Fasting reduces more fat than muscle

In 2001 I was introduced into one to multi-day fasting through the Vineyard Christian Fellowship, which I occasionally do since then. In spiritual tradition, fasting helps to focus the mind on prayer. Physically, fasting changes the body. One statement I heard repeatedly over the years from multiple friends is that fasting reduces muscle tissue not fat , for which I found no scientific evidence yet. I rather found studies confirming fasting reduces fat long-term and saves muscle strength. Do you know more scientific studies?

Prolonged fasting produces a body-composition picture that is initially alarming but more nuanced on closer reading.

Prolonged Water‐Only Fasting Followed by a Whole‐Plant‐Food Diet Promotes Fat‐Free Mass Recovery and Continued Fat Mass Loss in Adults With Overweight or Obesity. Gabriel+ 2025 found in their study on 14-day water-fasting followed by 6+45 days of whole‐plant‐food diet:

  • prior research suggested “fat‐free mass (FFM) accounts for approximately two‐thirds of weight loss” , which was replicated: “FFM accounted for 74% of total BW lost”. Of this, there is a “lack of clinically significant muscle wasting”, “a large portion of FFM lost during fasting likely reflects changes in hydration status rather than lean tissue catabolism”. Muscle protein is a minor portion.
  • After 14 days, fat mass was reduced by 6%. After 65 days (at follow-up) reduced by 14%, “fat mass loss accounted for 67% of total body weight lost”.

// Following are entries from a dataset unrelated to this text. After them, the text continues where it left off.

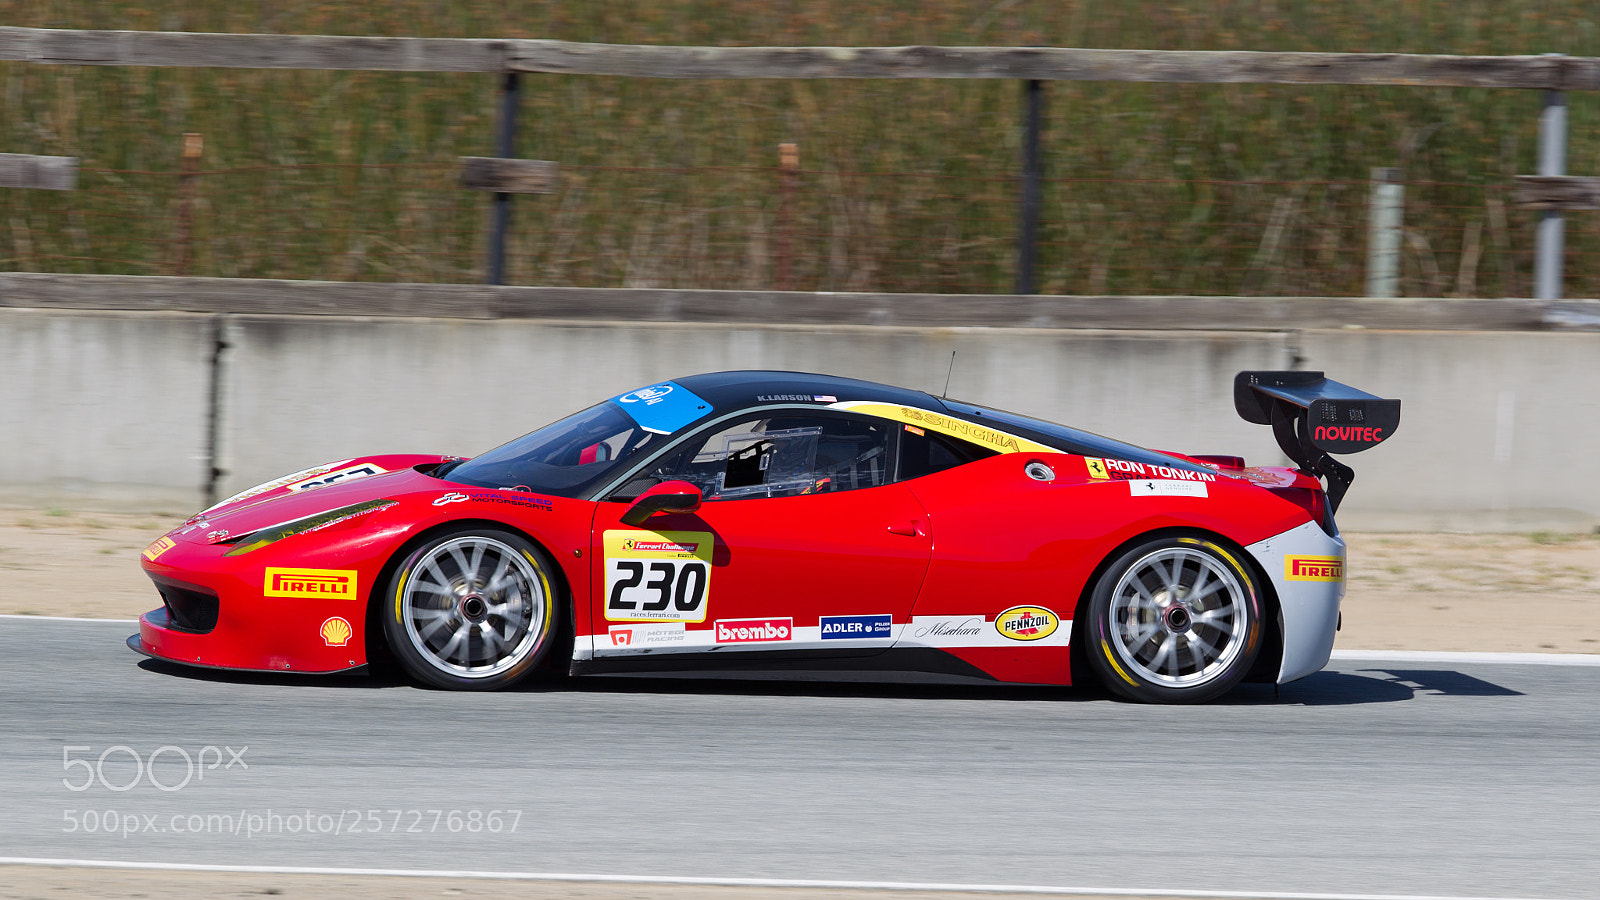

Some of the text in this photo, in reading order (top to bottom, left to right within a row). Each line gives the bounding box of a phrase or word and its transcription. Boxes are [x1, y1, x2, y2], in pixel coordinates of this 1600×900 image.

[922, 413, 1021, 453] SINGHA
[1314, 425, 1382, 442] NOVITEC
[1105, 458, 1145, 475] RON
[1147, 464, 1216, 482] TONKIN
[472, 498, 553, 511] MOTORSPORTS
[511, 495, 552, 505] SPEED
[271, 573, 349, 594] PIRELLI
[608, 561, 706, 611] 230
[718, 623, 789, 641] brembo
[822, 623, 863, 634] ADLER
[1005, 615, 1050, 632] PENNZOIL

Is muscle and protein loss relevant in long‐term fasting in healthy men? A prospective trial on physiological adaptations, Laurens+ 2021 found in their study on a 10-day Buchinger Wilhelmi (200–250 kcal/day) fast followed by a 4-day food reintroduction and 90 day follow-up:

  • fat mass “FM loss accounted for 40 ± 2.1% of changes in total body weight”
  • lean soft tissue “LST loss accounted for 60.7 ± 2.1% of body weight loss, explained for 44% (−1.6 ± 0.1 kg) by extracellular water loss (which includes loss of faeces by enemas), for 14% (0.50 ± 0.01 kg) by early glycogen loss and its associated water, and for 42% by metabolic active (liver, kidneys, heart, intestine, muscles, etc.) tissues (1.5 ± 0.1 kg representing 25% of weight loss)
  • “Strength was maintained in non‐weight‐bearing muscles and increased in weight‐bearing muscles (+33%, P < 0.001)”
  • “3‐Methyl‐histidine, a marker of skeletal muscle breakdown, transiently increased during the first 4 days of fasting (Figure 2G) and returned thereafter to baseline values.”
  • Our results support the hypothesis: “muscle function to be preserved if fasting adaptations were selected during evolution”
  • “In our study, we did not notice changes in muscle physical properties”

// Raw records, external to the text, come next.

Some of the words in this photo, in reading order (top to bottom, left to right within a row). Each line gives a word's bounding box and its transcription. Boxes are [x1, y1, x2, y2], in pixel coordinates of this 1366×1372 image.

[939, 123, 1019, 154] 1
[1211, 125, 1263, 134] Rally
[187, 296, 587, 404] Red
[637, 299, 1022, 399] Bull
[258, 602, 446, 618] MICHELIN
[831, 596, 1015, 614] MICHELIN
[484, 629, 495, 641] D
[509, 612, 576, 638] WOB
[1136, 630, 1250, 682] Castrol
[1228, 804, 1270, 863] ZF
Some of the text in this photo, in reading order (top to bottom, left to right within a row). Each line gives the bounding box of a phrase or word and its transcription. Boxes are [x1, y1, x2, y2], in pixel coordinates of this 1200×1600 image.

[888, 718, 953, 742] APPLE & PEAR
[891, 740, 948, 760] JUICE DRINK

It seems that fasting (water-only or Buchinger Wilhelmi)

  • does decrease fat
  • does decrease muscle mass in a minor portion in the beginning, with no change in muscle strenght
  • which is consistent in an evolutionary

I do eat supplements while fasting. I want to learn more about which are clever, based on scientific repeatable measured evidence.

Do you know more relevant papers about this?